[Spatial localization data]
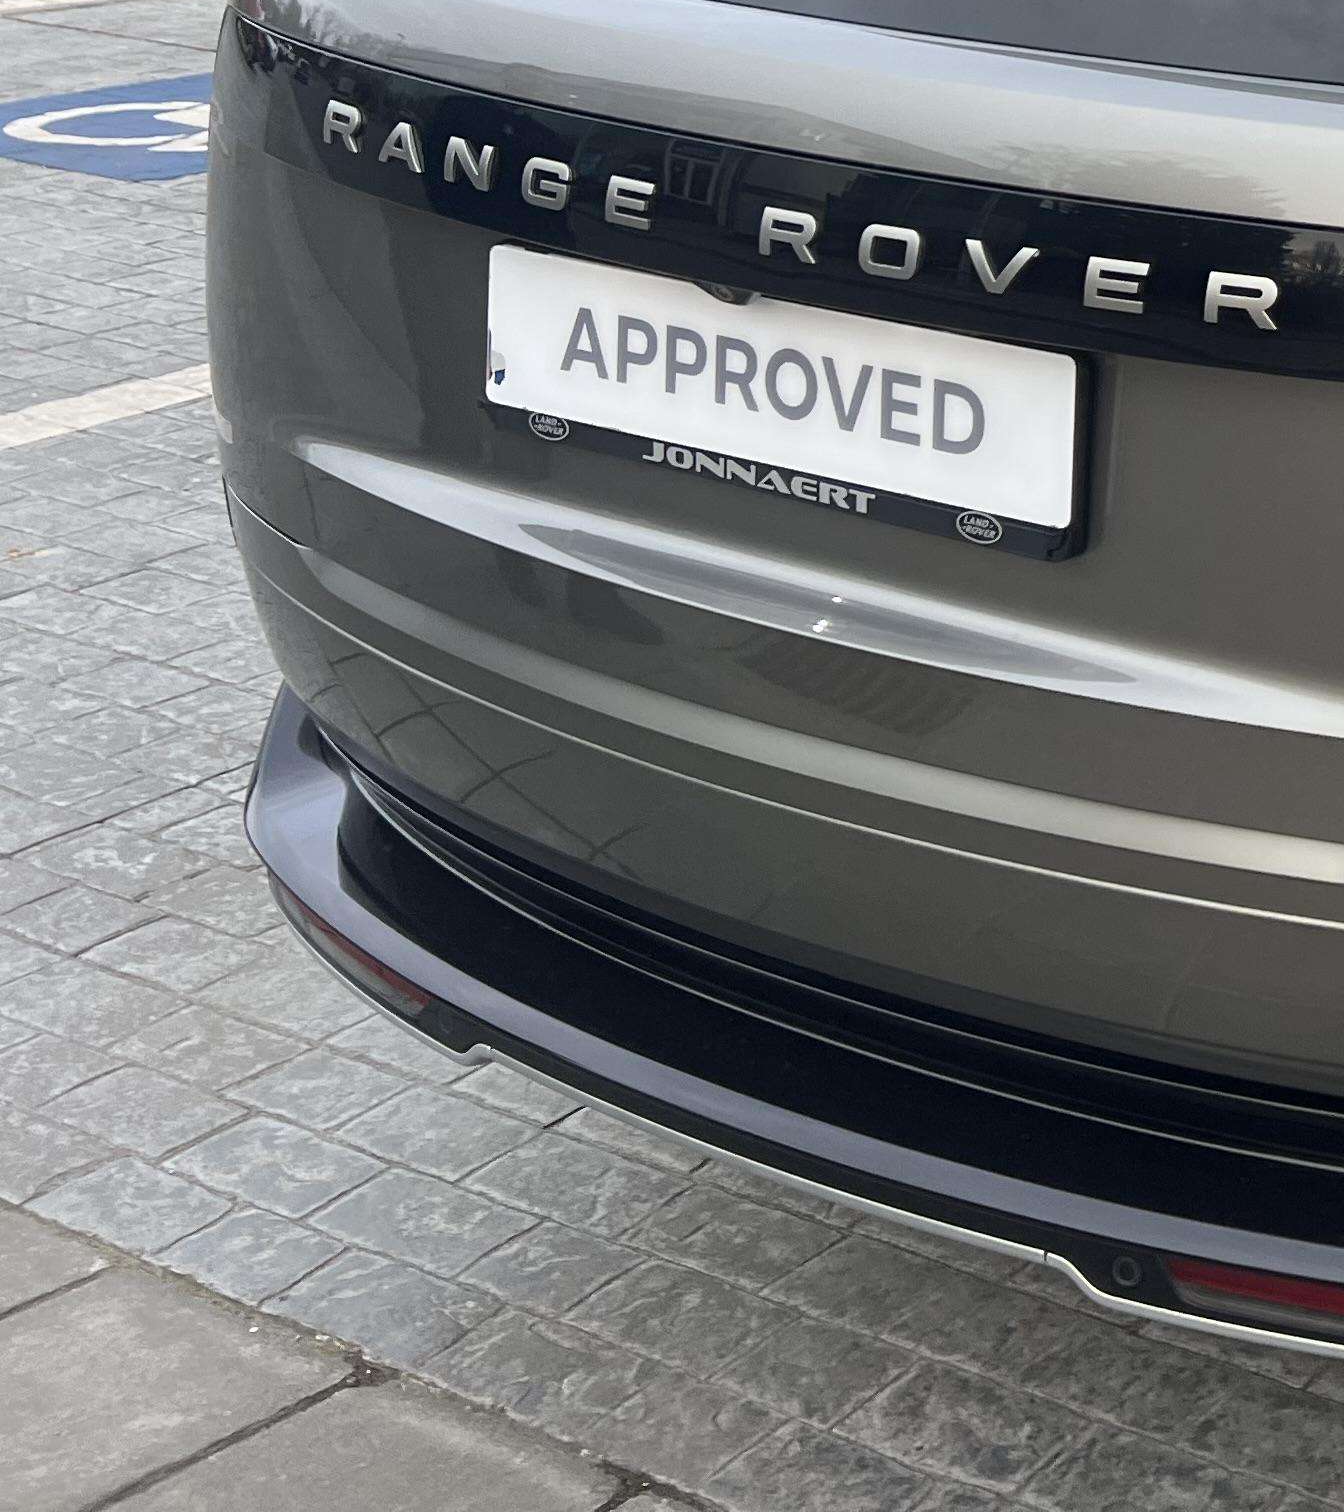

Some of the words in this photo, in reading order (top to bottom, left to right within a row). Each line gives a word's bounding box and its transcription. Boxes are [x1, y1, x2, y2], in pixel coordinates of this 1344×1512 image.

[321, 99, 656, 232] RANGE
[757, 204, 1279, 331] ROVER
[560, 306, 986, 457] APPROVED
[642, 441, 876, 514] JONNAERT
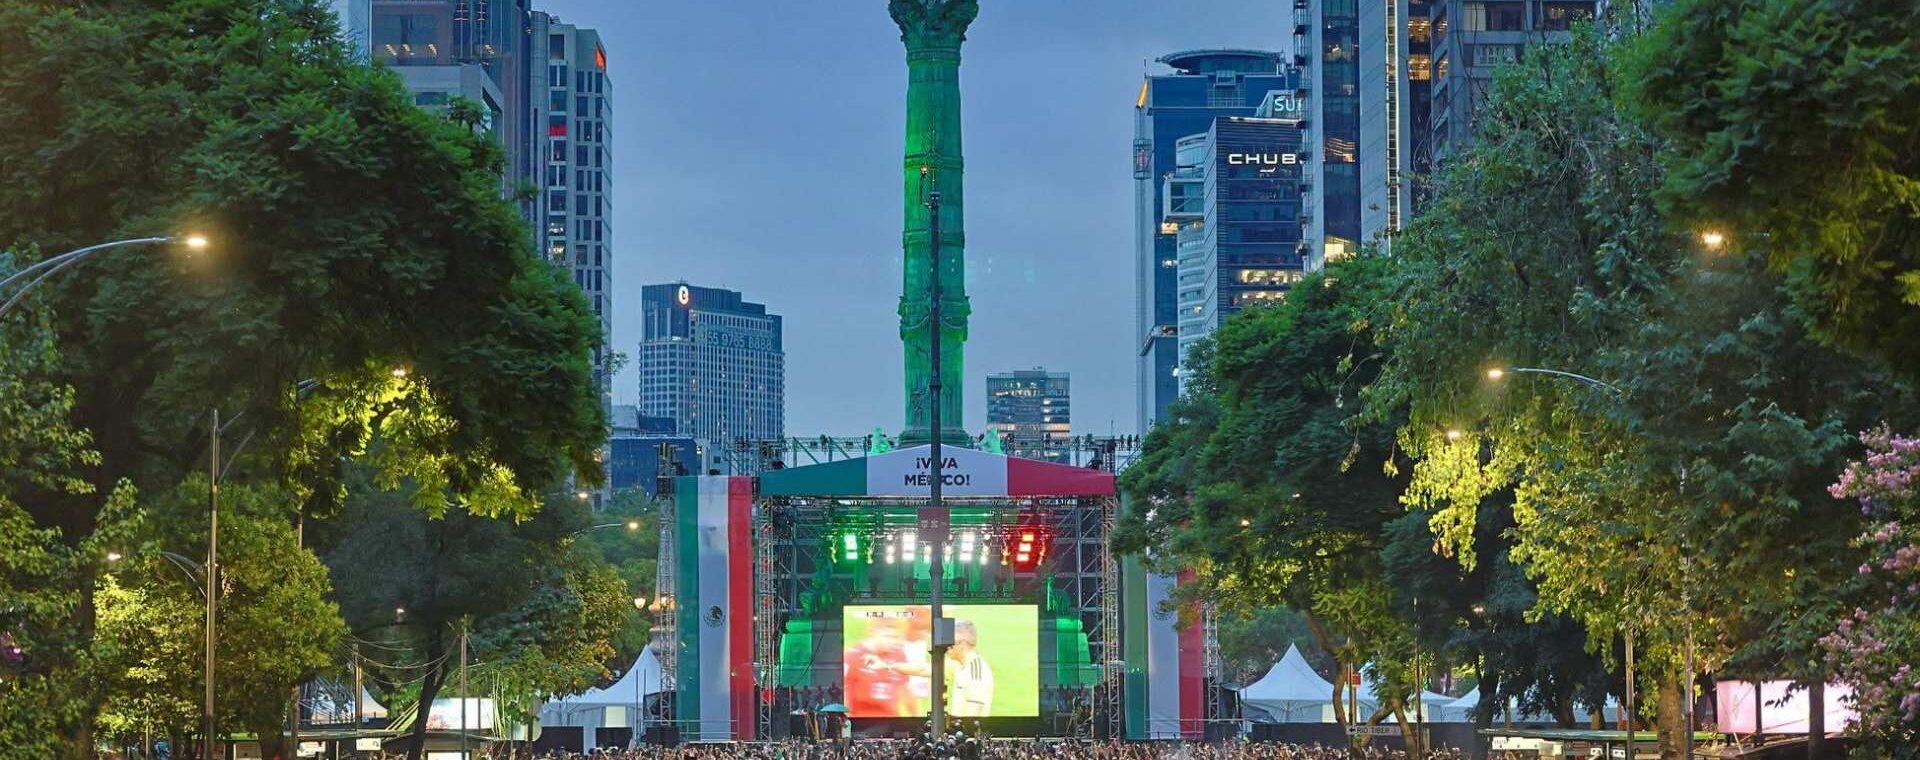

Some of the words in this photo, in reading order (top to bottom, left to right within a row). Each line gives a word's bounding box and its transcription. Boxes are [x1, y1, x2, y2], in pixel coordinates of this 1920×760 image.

[1229, 153, 1303, 164] CHUB
[916, 457, 958, 469] ¡VVA
[904, 471, 971, 486] MÉCO!

Exercise details >>
Output each record verbatim, but skip anything that is a picture.

Problem solution >>
Some of the words in this photo, in reading order (top to bottom, left to right within a row). Each line gives a word's bounding box and its transcription. Boxes are [x1, y1, x2, y2], in pixel coordinates of this 1344×1512 image.

[321, 99, 656, 232] RANGE
[757, 204, 1279, 331] ROVER
[560, 306, 986, 457] APPROVED
[642, 441, 876, 514] JONNAERT

Some of the words in this photo, in reading order (top to bottom, left to right within a row). Each line gives a word's bounding box and its transcription. Boxes are [x1, y1, x2, y2], in pixel coordinates of this 1920×760 image.

[1229, 153, 1303, 164] CHUB
[916, 457, 958, 469] ¡VVA
[904, 471, 971, 486] MÉCO!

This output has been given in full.